Work instruction:
Write the data below out exactly as it stands. Do not include the pictures.
(Given records)
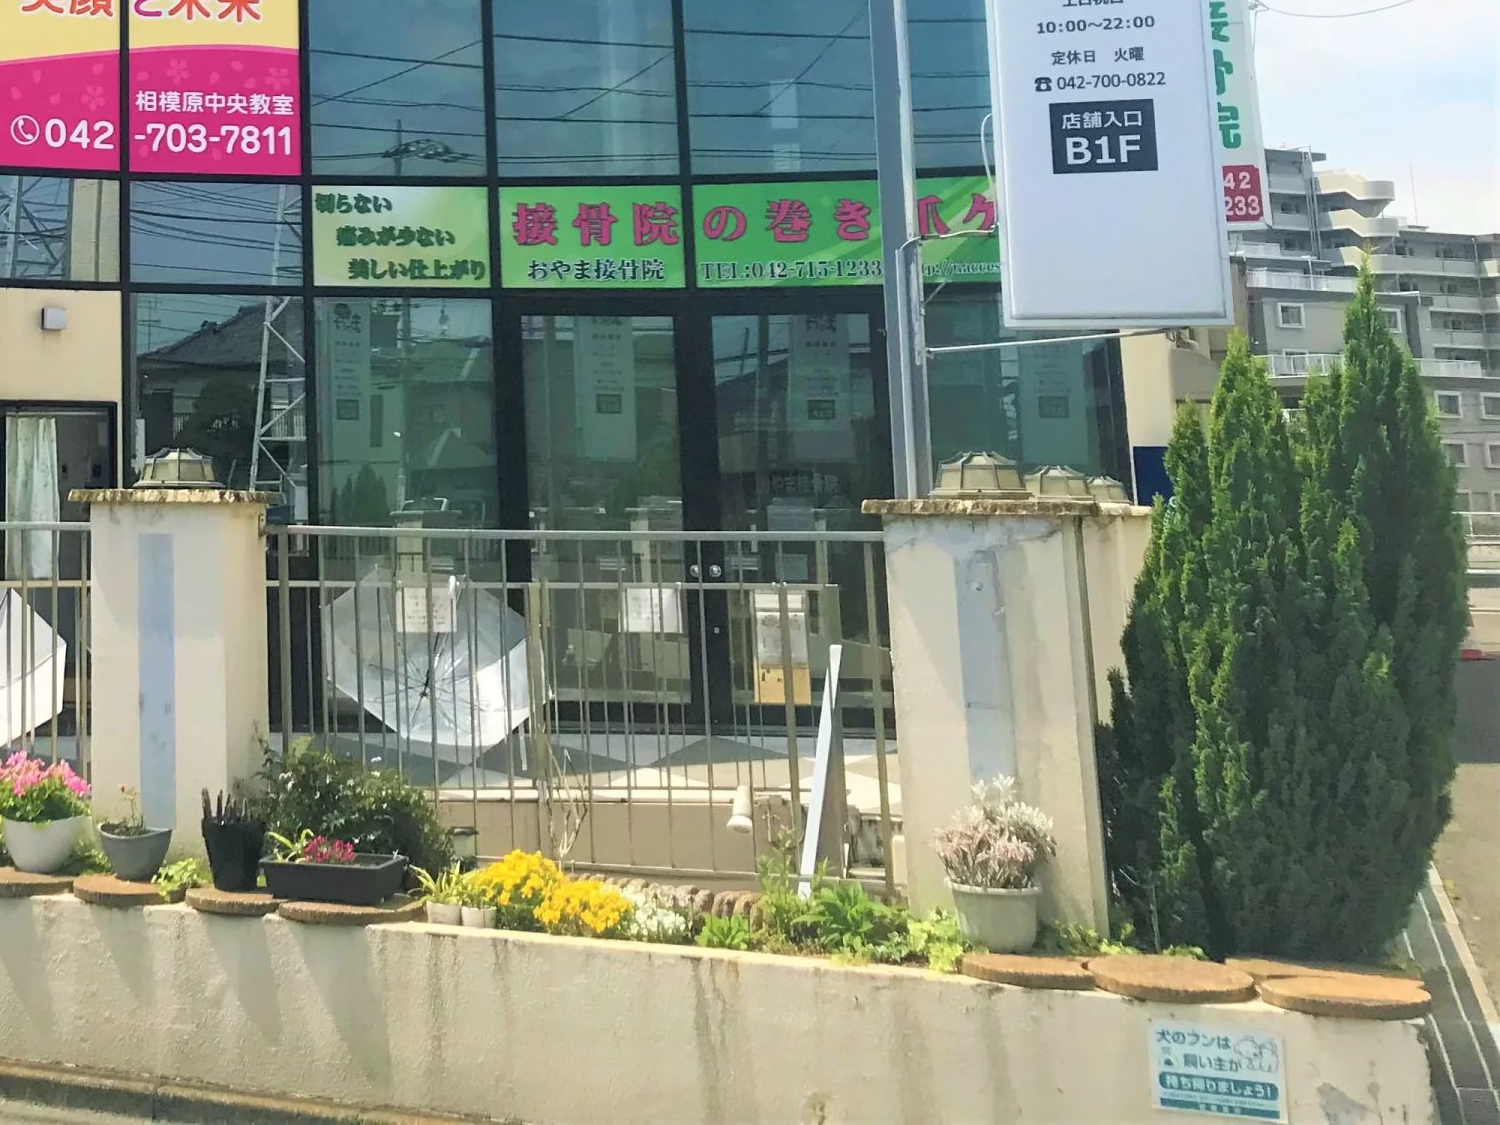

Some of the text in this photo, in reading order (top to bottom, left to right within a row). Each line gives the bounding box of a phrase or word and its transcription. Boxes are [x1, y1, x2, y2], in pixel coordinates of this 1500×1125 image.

[1051, 46, 1145, 66] 定休日 火曜
[1056, 71, 1166, 91] 042-700-0822
[136, 92, 295, 117] 相模原中央教室
[1061, 110, 1143, 130] 店舗入口
[45, 119, 293, 156] 042 -703-7811
[1065, 134, 1141, 166] B1F
[315, 193, 393, 214] 切らない
[512, 201, 680, 247] 接骨院
[336, 226, 456, 247] 痛みが少ない
[348, 258, 486, 280] 美しい仕上がり
[527, 258, 665, 280] おやま接骨院
[1156, 1028, 1232, 1050] 犬のフンは
[1183, 1053, 1243, 1072] 飼い主が
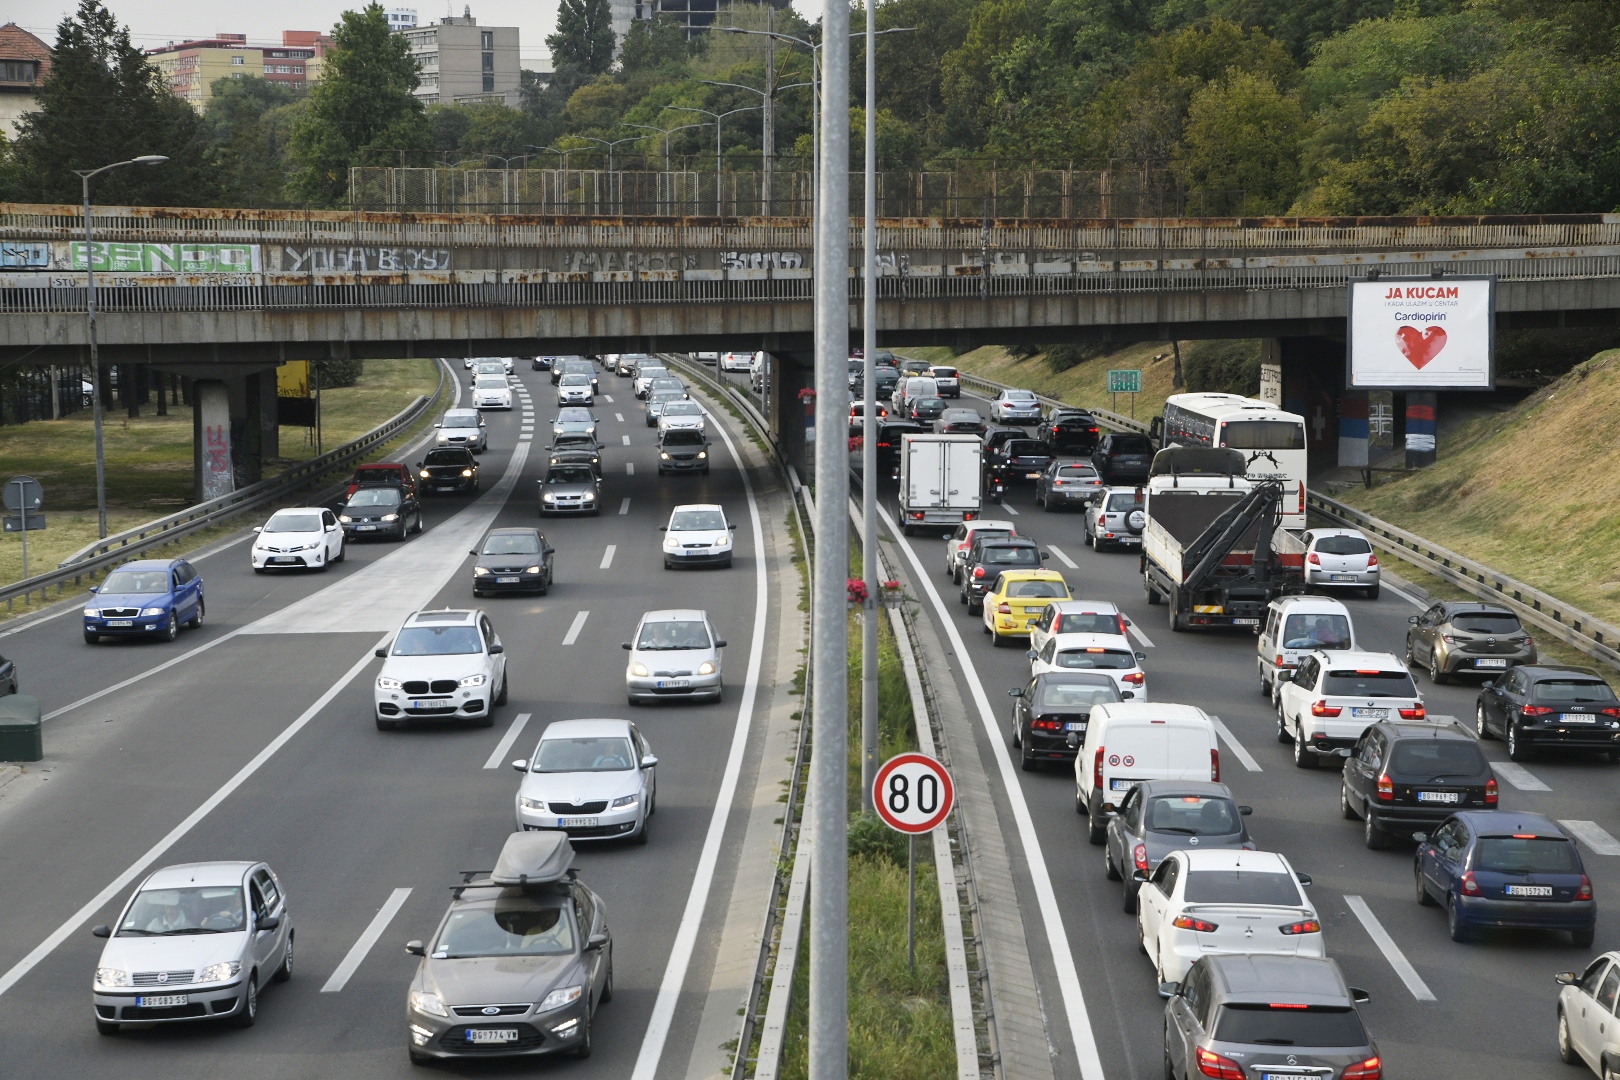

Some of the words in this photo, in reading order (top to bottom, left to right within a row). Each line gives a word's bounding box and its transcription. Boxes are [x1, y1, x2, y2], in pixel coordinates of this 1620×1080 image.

[1385, 287, 1403, 299] JA
[1406, 287, 1459, 299] KUCAM
[1394, 312, 1447, 322] Cardiopirin
[889, 773, 938, 814] 80
(End Given records)
Finished task:
Some of the text in this photo, in reading order (top to bottom, left to right within a row). Each line gives the bounding box of a phrase or word and its transcription. Boxes are [x1, y1, x2, y2], in pixel coordinates of this 1500×1125 image.

[1051, 46, 1145, 66] 定休日 火曜
[1056, 71, 1166, 91] 042-700-0822
[136, 92, 295, 117] 相模原中央教室
[1061, 110, 1143, 130] 店舗入口
[45, 119, 293, 156] 042 -703-7811
[1065, 134, 1141, 166] B1F
[315, 193, 393, 214] 切らない
[512, 201, 680, 247] 接骨院
[336, 226, 456, 247] 痛みが少ない
[348, 258, 486, 280] 美しい仕上がり
[527, 258, 665, 280] おやま接骨院
[1156, 1028, 1232, 1050] 犬のフンは
[1183, 1053, 1243, 1072] 飼い主が

Some of the words in this photo, in reading order (top to bottom, left to right within a row). Each line gives a word's bounding box and its transcription. Boxes are [x1, y1, x2, y2], in pixel coordinates of this 1620×1080 image.

[1385, 287, 1403, 299] JA
[1406, 287, 1459, 299] KUCAM
[1394, 312, 1447, 322] Cardiopirin
[889, 773, 938, 814] 80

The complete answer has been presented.